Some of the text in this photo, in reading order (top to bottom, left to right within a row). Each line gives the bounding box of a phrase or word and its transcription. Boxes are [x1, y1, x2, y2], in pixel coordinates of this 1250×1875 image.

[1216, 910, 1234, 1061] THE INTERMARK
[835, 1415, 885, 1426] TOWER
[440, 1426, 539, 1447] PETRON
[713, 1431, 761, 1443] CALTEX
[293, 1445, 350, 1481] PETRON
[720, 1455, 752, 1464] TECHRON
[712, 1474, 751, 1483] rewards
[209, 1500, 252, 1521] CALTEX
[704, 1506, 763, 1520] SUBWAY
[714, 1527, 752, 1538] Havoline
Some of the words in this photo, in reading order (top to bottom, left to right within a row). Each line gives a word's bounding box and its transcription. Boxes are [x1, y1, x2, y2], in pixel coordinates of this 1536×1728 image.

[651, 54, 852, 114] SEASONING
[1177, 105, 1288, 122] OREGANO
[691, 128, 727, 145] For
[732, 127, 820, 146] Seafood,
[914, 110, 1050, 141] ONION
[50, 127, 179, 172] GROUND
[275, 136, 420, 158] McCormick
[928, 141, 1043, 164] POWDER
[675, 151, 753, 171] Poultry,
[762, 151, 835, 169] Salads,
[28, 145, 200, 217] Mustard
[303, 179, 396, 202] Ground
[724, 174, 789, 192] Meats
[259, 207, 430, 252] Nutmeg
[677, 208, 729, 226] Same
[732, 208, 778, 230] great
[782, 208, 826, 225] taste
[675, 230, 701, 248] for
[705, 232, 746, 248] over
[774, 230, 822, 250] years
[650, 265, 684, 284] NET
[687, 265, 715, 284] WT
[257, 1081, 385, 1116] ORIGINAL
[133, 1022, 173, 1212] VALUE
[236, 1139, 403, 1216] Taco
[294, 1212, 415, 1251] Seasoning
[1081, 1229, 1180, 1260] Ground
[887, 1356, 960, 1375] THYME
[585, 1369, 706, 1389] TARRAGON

========================================================================

Task brief:
Please return all of the entries above, exactly and completely.

The answer:
Some of the text in this photo, in reading order (top to bottom, left to right within a row). Each line gives the bounding box of a phrase or word and its transcription. Boxes are [x1, y1, x2, y2], in pixel coordinates of this 1250×1875 image.

[1216, 910, 1234, 1061] THE INTERMARK
[835, 1415, 885, 1426] TOWER
[440, 1426, 539, 1447] PETRON
[713, 1431, 761, 1443] CALTEX
[293, 1445, 350, 1481] PETRON
[720, 1455, 752, 1464] TECHRON
[712, 1474, 751, 1483] rewards
[209, 1500, 252, 1521] CALTEX
[704, 1506, 763, 1520] SUBWAY
[714, 1527, 752, 1538] Havoline
Some of the words in this photo, in reading order (top to bottom, left to right within a row). Each line gives a word's bounding box and its transcription. Boxes are [x1, y1, x2, y2], in pixel coordinates of this 1536×1728 image.

[651, 54, 852, 114] SEASONING
[1177, 105, 1288, 122] OREGANO
[691, 128, 727, 145] For
[732, 127, 820, 146] Seafood,
[914, 110, 1050, 141] ONION
[50, 127, 179, 172] GROUND
[275, 136, 420, 158] McCormick
[928, 141, 1043, 164] POWDER
[675, 151, 753, 171] Poultry,
[762, 151, 835, 169] Salads,
[28, 145, 200, 217] Mustard
[303, 179, 396, 202] Ground
[724, 174, 789, 192] Meats
[259, 207, 430, 252] Nutmeg
[677, 208, 729, 226] Same
[732, 208, 778, 230] great
[782, 208, 826, 225] taste
[675, 230, 701, 248] for
[705, 232, 746, 248] over
[774, 230, 822, 250] years
[650, 265, 684, 284] NET
[687, 265, 715, 284] WT
[257, 1081, 385, 1116] ORIGINAL
[133, 1022, 173, 1212] VALUE
[236, 1139, 403, 1216] Taco
[294, 1212, 415, 1251] Seasoning
[1081, 1229, 1180, 1260] Ground
[887, 1356, 960, 1375] THYME
[585, 1369, 706, 1389] TARRAGON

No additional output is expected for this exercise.